The memories were to strong and Coranthin could feel them start to seep from his eyes. "What do you want me to do?" he cried. "I'm not a Nephilim, not a Varcolac. I'm not Atlantian, or Nosferatu. I don't have noble blood! I'm not even any good with a sword!" He then added in a softer tone, "I have no guardians, no chance, no hope."

The other two sat silently until Gabe softly said, "That never stopped you before."

Coranthin no longer tried to stop the flood of tears that poured down his cheeks. "Do you know what I did?"

"You can't stop now, Simon, we've come too far."

Coranthin stared at a pebble on the floor near his toes. "Tell that to Riga," he whispered. He opened his mouth, but no words came. The memories were too horrible to tell. Coranthin was blinded by tears and didn't notice Gabe and Grey patiently waiting for a few minutes. He tried once more, but the only words that escaped his lips were, "Eighty-two."

"Eighty-two what?" Gabe asked intently.

"That's how many people I killed," Coranthin barely got out each word. "Eighty-two and... My brother."

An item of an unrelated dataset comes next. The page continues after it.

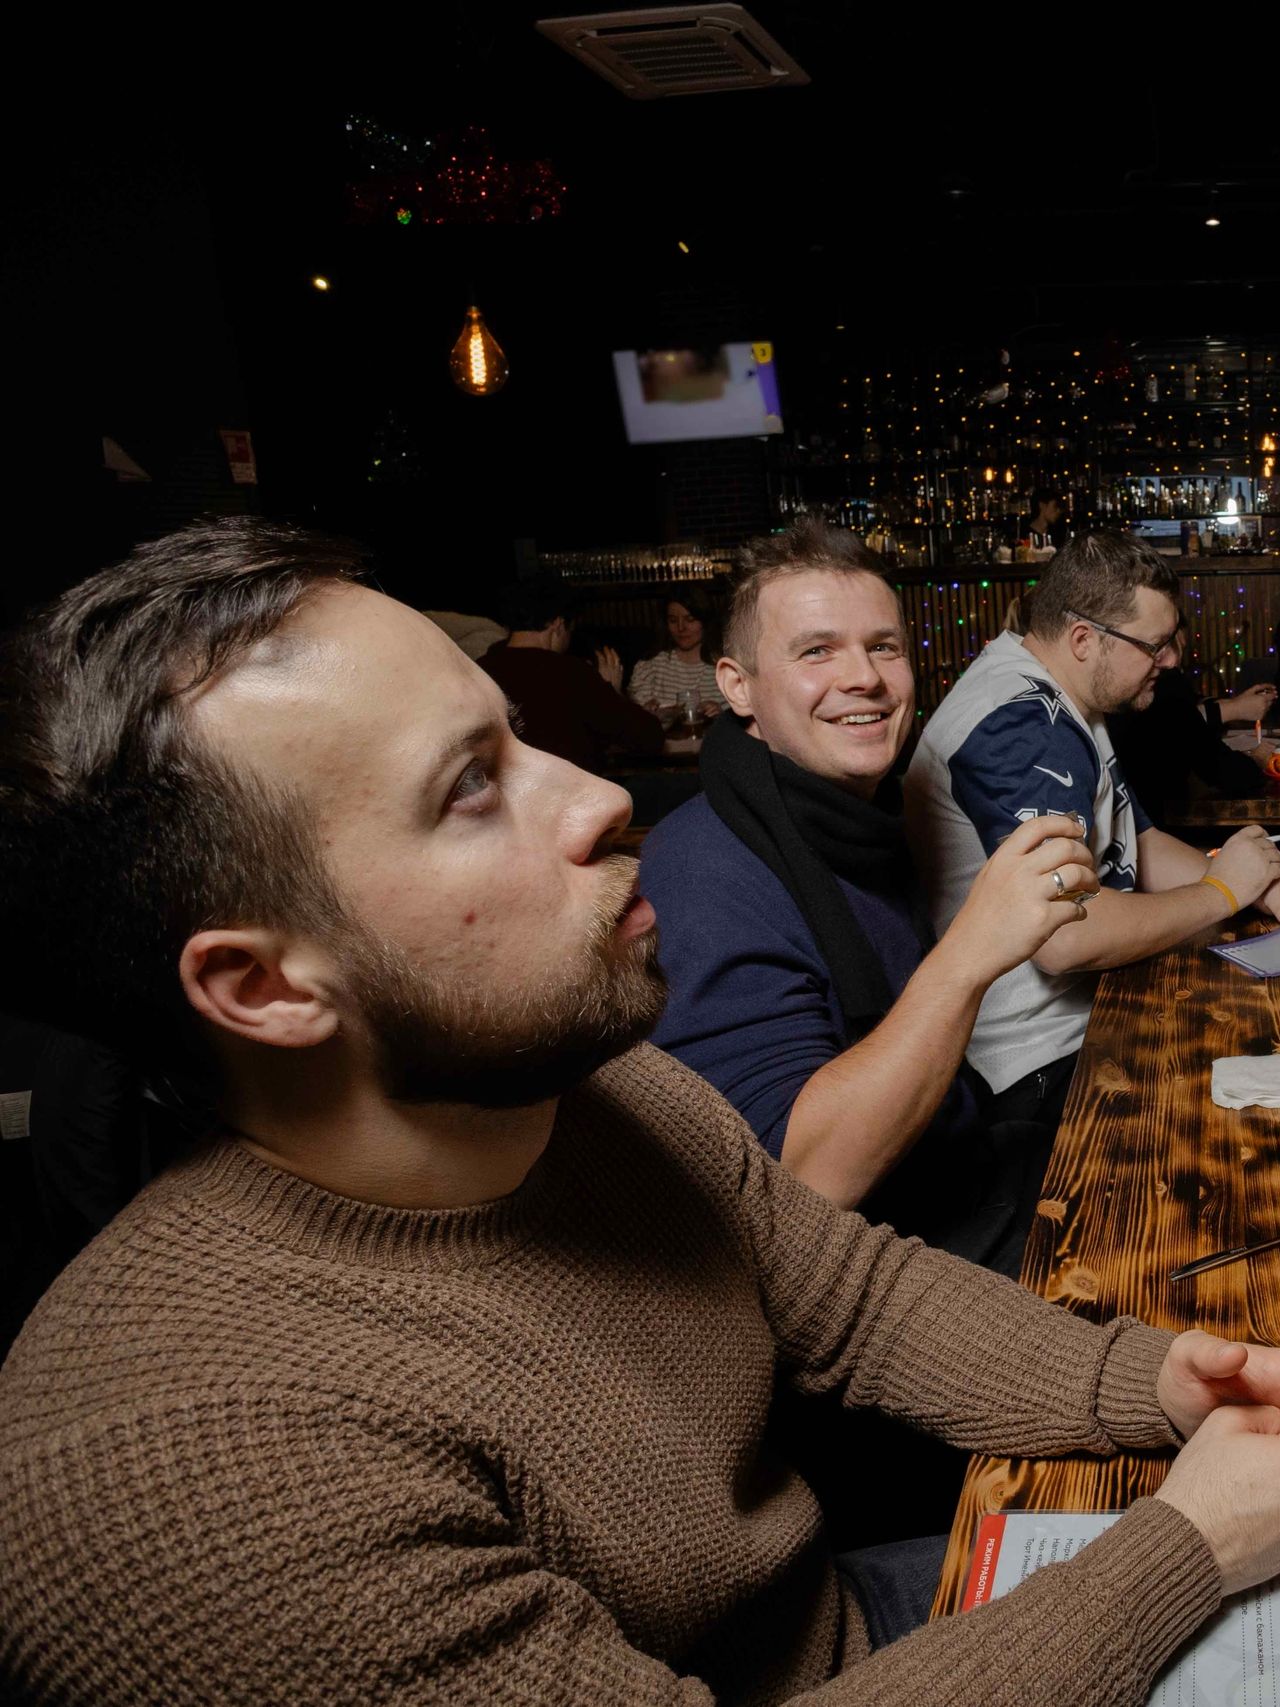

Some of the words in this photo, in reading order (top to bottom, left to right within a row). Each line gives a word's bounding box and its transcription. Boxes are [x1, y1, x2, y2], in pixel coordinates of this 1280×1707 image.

[983, 1538, 995, 1565] РЕЖИМ
[975, 1566, 989, 1599] РАБОТЫ:
[1256, 1623, 1264, 1675] баклажаном

Gabe and Grey wore faces of such confusion that under other circumstances they would have looked comical. Coranthin took a deep breath and prepared himself to tell the tale.


----------



## Frivle Dilby

The month of July is always busy, so it's been a while, but I finally finished another chapter. Right now the story is getting more into some filler parts in between major events, so any comments would be helpful. Does it negatively affect the flow of the story? Is it down right boring? I've read books before where it seemed like the author got tired of the story half way through and I don't want that to happen, so please critique away.

*xxxiv
Choices*​
    The balcony always felt peaceful and seemed to draw her there, but tonight Astrid stopped to sit with Vladimir in the courtyard. She had just come from visiting Lisa and although her skin still had marks and scars across it, Astrid was amazed at how fast Lisa was healing. Astrid had only stayed a few minutes so that Lisa could rest, but before she left Lisa had told her that by the next night she would be fully recovered. Astrid approached Vladimir cautiously. She was unsure whether his agitation toward her had subsided and thought it best to keep to a safe distance. She took a seat on the edge of the fountain beyond arms reach of him and followed his line of sight to where Shadrach and the old man huddled against the church doors. The man clutched a piece of stale, moldy bread against his chest as if it were his only child and every now and then took a small bite. Shadrach sat with a blank stare and was shivering despite how warm it was. His skin looked pale and he didn't look well at all. Astrid rose to her feet and began bridging the gap between them when Vladimir spoke.

“Don't. He is in no danger yet.” 

Astrid glanced from Vladimir to Shadrach and back again. She hated turning her back on Shadrach, but knew she could trust Vladimir and returned to her spot at the fountain. Astrid gazed up at the stars and anywhere except where Shadrach sat shaking.

“I talked with Lisa,” Astrid said just to have something to keep herself distracted. Vladimir gave no indication that he had heard her and could have easily been mistaken for a statue like the one in the water behind him. “She said she would be better tomorrow,” Astrid continued. She looked for any kind of response from Vladimir, but found none. She wondered what he was feeling. Was he angry at her? Was he sad? What did he want? She sighed in exasperation and followed Vladimir's stare once more to Shadrach. She could hear his pulse though it was faint and irregular. It made her hungry, but she pushed her yearning aside and looked once more into the sky. “The stars seem brighter than before,” she said, no longer expecting a response, but still hoping. “The sky is so full, but before it always seemed so empty. Lonely.”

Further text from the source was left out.